Text-to-region grounding data ::

━━━

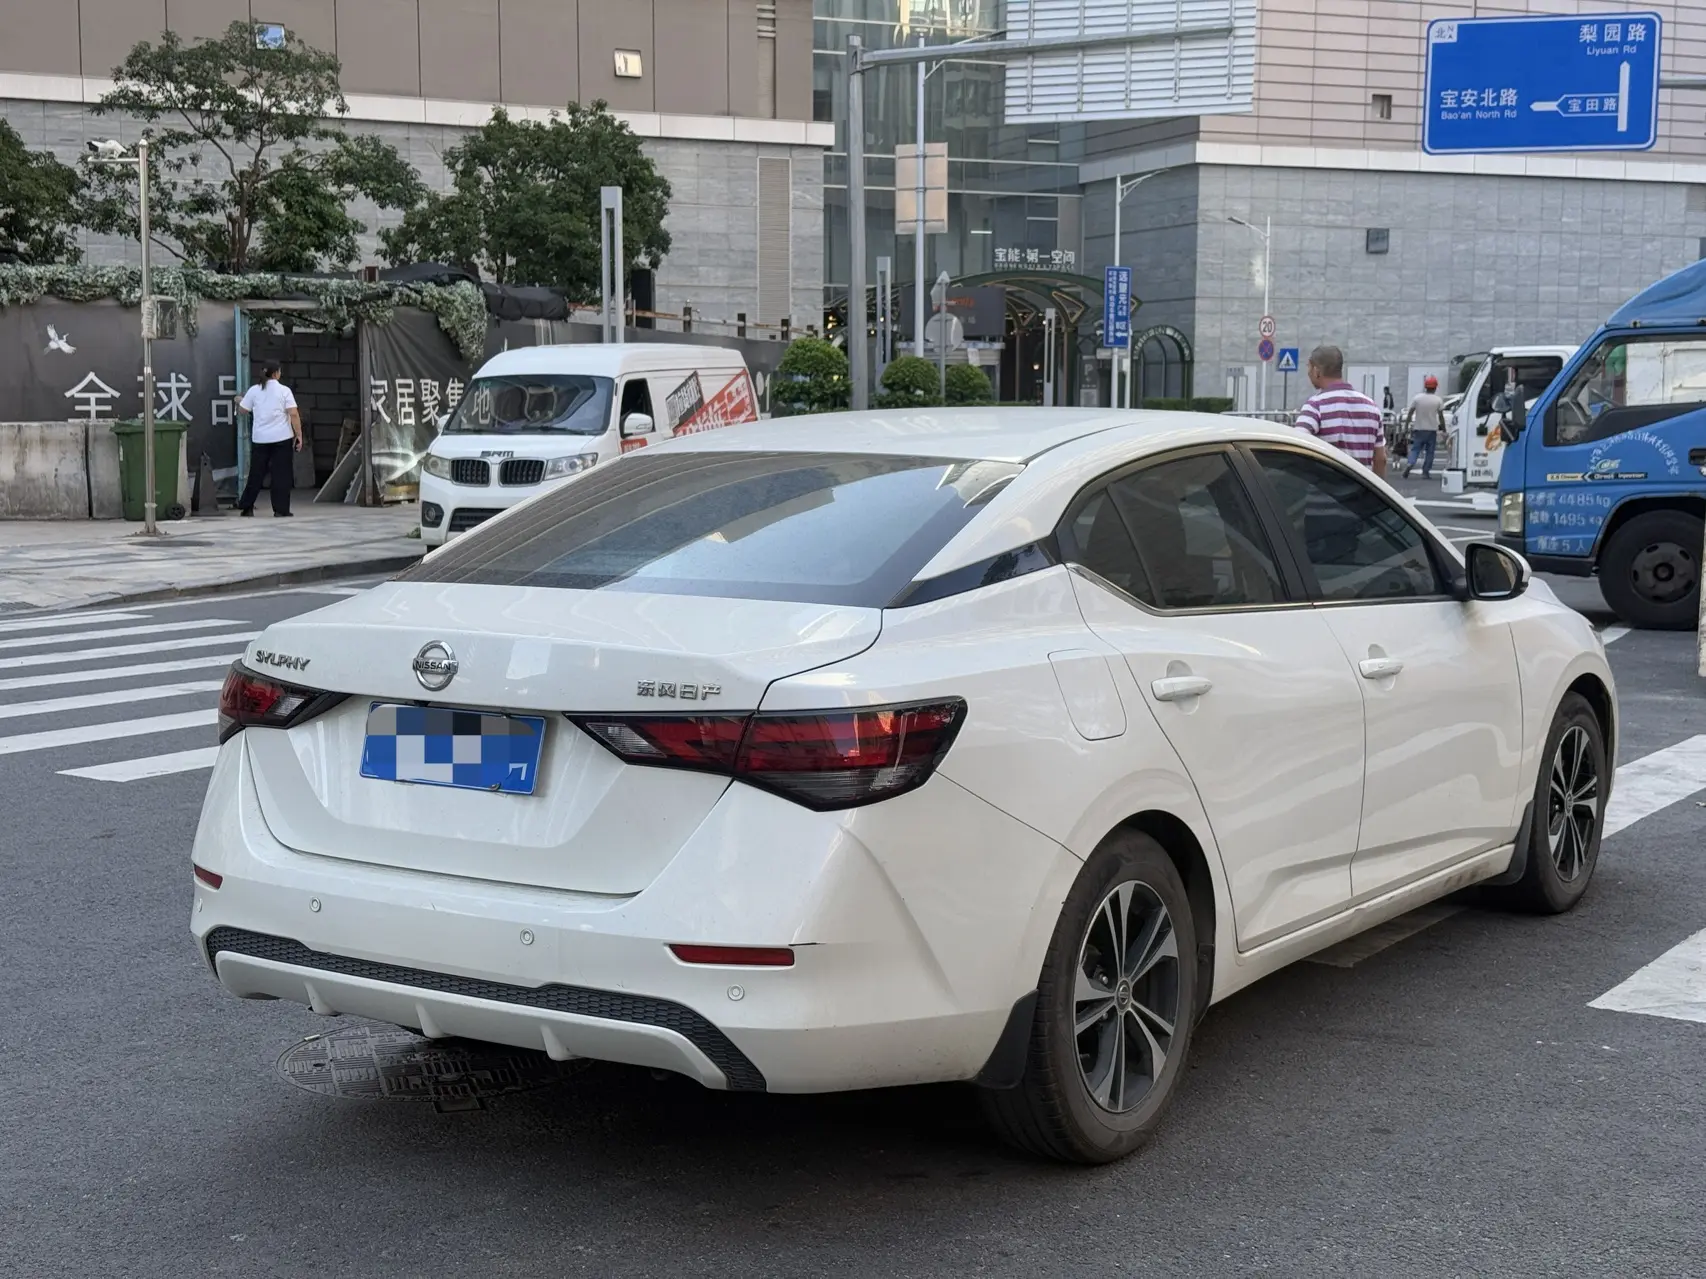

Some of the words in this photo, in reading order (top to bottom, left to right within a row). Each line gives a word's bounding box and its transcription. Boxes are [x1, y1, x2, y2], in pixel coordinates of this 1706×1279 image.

[1435, 27, 1446, 39] 北
[1579, 23, 1647, 43] 梨园路
[1587, 46, 1619, 56] Liyuan
[1623, 45, 1637, 54] Rd
[1440, 88, 1519, 108] 宝安北路
[1568, 97, 1617, 112] 宝田路
[1441, 110, 1472, 120] Bao'an
[1475, 109, 1500, 119] North
[1504, 109, 1517, 119] Rd
[1262, 321, 1273, 333] 20
[255, 650, 311, 671] SYLPHY
[414, 659, 452, 671] NISSAN
[637, 679, 721, 701] 东风日产

━━━

Send back every record exactly as it stands, except the pictures.

Result ::
Some of the words in this photo, in reading order (top to bottom, left to right within a row). Each line gives a word's bounding box and its transcription. Boxes are [x1, y1, x2, y2], in pixel coordinates of this 1706×1279 image.

[1435, 27, 1446, 39] 北
[1579, 23, 1647, 43] 梨园路
[1587, 46, 1619, 56] Liyuan
[1623, 45, 1637, 54] Rd
[1440, 88, 1519, 108] 宝安北路
[1568, 97, 1617, 112] 宝田路
[1441, 110, 1472, 120] Bao'an
[1475, 109, 1500, 119] North
[1504, 109, 1517, 119] Rd
[1262, 321, 1273, 333] 20
[255, 650, 311, 671] SYLPHY
[414, 659, 452, 671] NISSAN
[637, 679, 721, 701] 东风日产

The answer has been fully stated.